Nel frattempo, Joe Biden sta terminando il suo mandato presidenziale come meglio può. Cerca di far credere che avrebbe vinto su Trump se i democratici non avessero preferito Kamala Harris. Perdona i condannati a morte, senza fare campagna per l’abolizione della pena di morte. Cerca di mettere in luce i risultati della sua presidenza – mentre alcuni dei suoi collaboratori non mancheranno di mettere in luce, fin da ora, le sue debolezze e i suoi errori. Elogia Jimmy Carter, il presidente criticato quarant’anni fa, più o meno riabilitato oggi dopo la sua morte, come se gli fosse stata promessa una posterità paragonabile.
Donald Trump non ha mai smesso di sorprendere. Niente e nessuno può fermarlo. Egli, dice, annetterà la Groenlandia e ripristinerà l’autorità degli Stati Uniti sul Canale di Panama. Forse farà del Canada il cinquantunesimo Stato dell’Unione. Fermerà la guerra in Ucraina “entro 24 ore”. Otterrà immediatamente la liberazione degli ostaggi israeliani ancora vivi nei tunnel di Hamas. Imporrà nuove relazioni diplomatiche in Medio Oriente. Escluderà dal territorio degli Stati Uniti da 11 a 15 milioni di immigrati clandestini, con, forse, un’eccezione per i più qualificati tra loro, di cui l’industria e l’agricoltura americana non possono fare a meno. Proteggerà il mercato nazionale per promuovere l’occupazione e il tenore di vita. Ne distruggerà le ultime tracce wokisme e le aberrazioni a cui ha dato origine, come la “follia transgender”. Lo “Stato profondo” che impedisce le riforme, che esercita influenze dannose, sarà combattuto con energia e successo. Migliaia di posti di lavoro federali andranno persi. In qualità di capo del DOGE (Dipartimento per l’efficienza governativa), Musk ne sarà responsabile.
Finora i repubblicani proponevano una società gestita da un governo a basso intervento, i democratici si prendevano cura degli interessi dei lavoratori. Trump ha sconvolto questo equilibrio
André Kaspi
E soprattutto resisterà con determinazione alle ambizioni politiche, territoriali ed economiche della Cina.
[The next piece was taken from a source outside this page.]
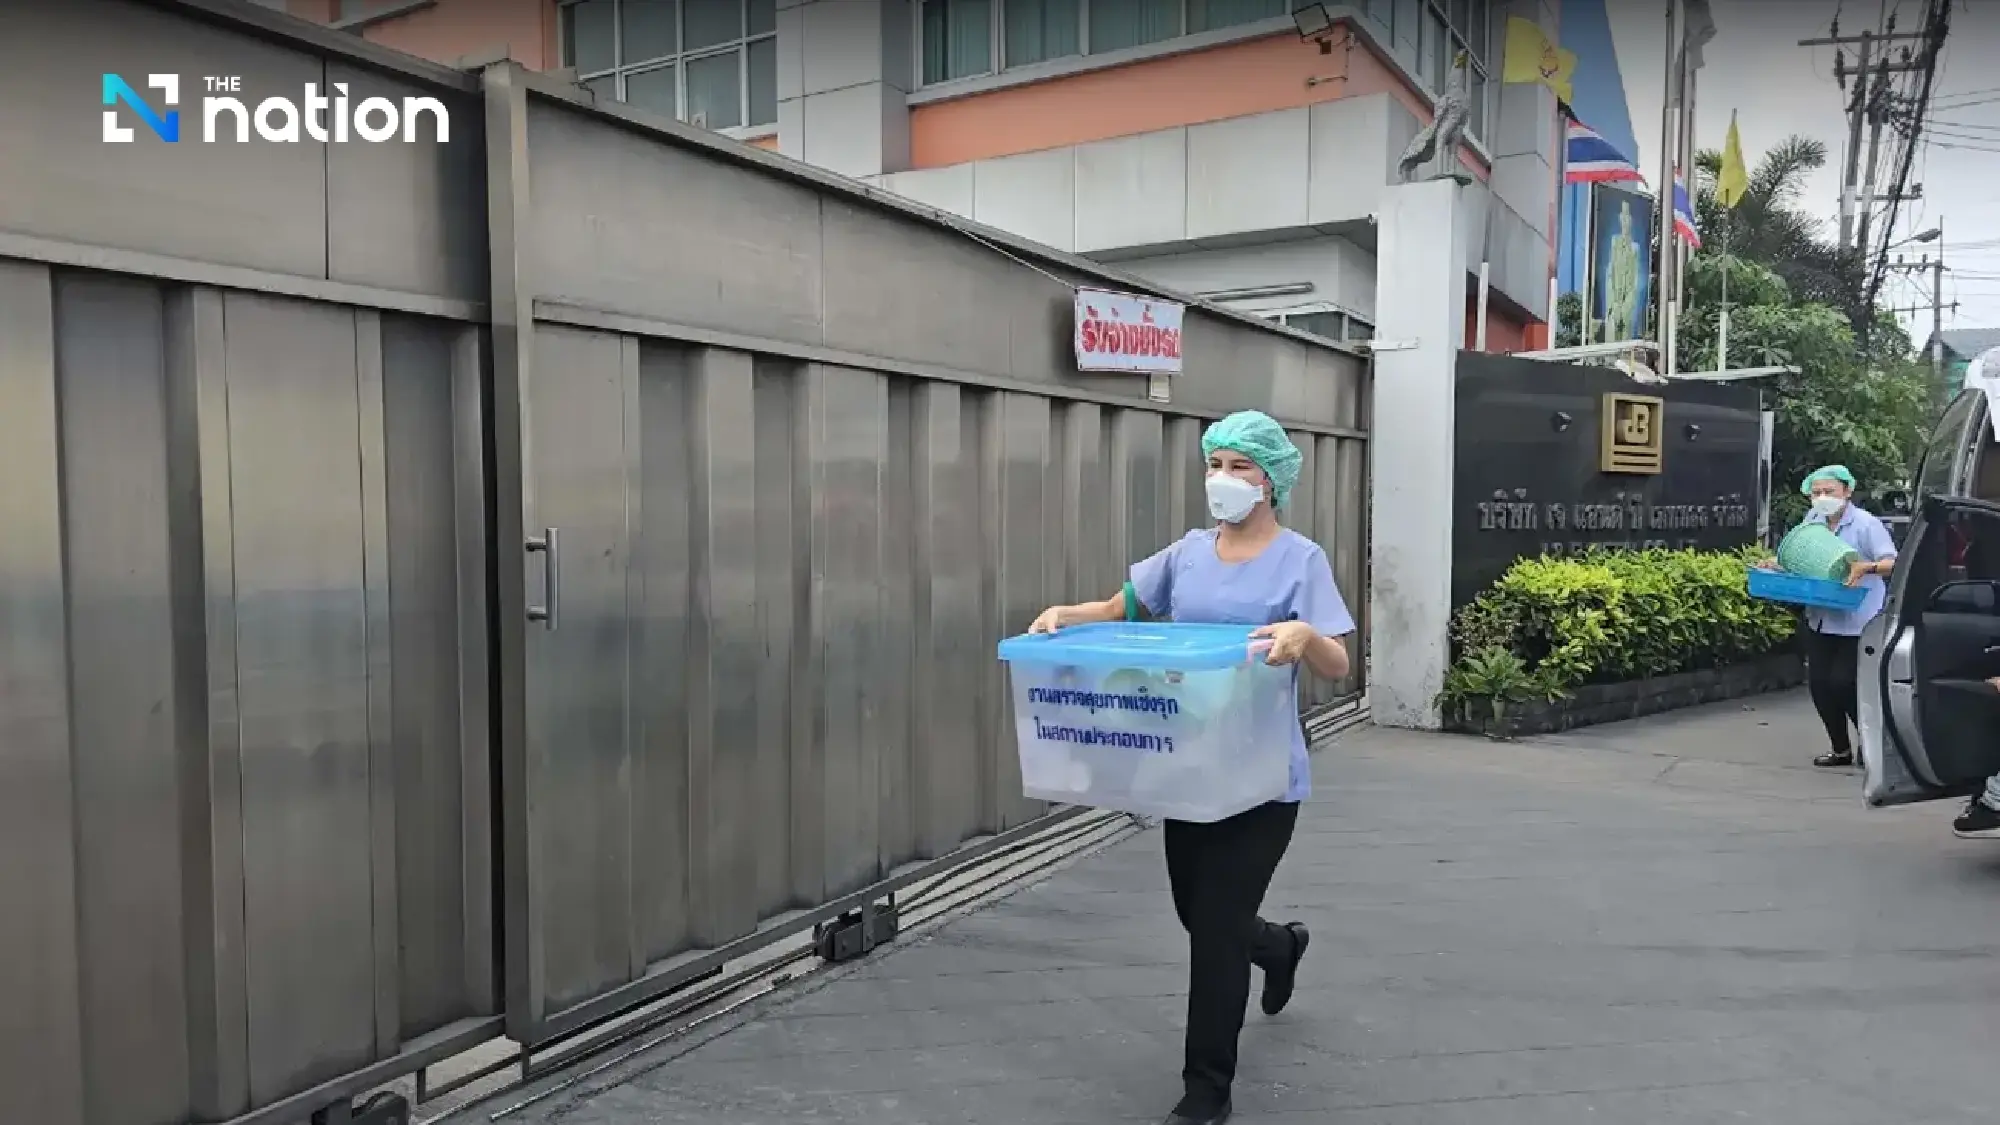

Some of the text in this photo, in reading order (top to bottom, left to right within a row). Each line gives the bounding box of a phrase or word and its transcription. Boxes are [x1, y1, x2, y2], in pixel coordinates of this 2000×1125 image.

[1477, 488, 1538, 530] บริษัท
[1027, 685, 1179, 721] งานตรวจสุขภาพเชิงรุก
[1033, 715, 1175, 753] ในสถานประกอบการ
In breve, sorgerà una nuova America. Si imporrà sul resto del mondo. Trump esprime la certezza che sarà una vittoria illimitata dopo quattro anni di battaglie per rispondere alle aspirazioni della maggioranza dei suoi compatrioti, per trionfare sui suoi avversari politici, per cancellare le tracce di una presidenza democratica che ha solo indebolito gli Stati Uniti . Il 20 gennaio 2025 non sarà solo il giorno in cui entrerà in carica un nuovo presidente. Per Donald Trump ed Elon Musk sarà, seguendo il titolo di un film di Marlon Brando, Una vendetta a due facce.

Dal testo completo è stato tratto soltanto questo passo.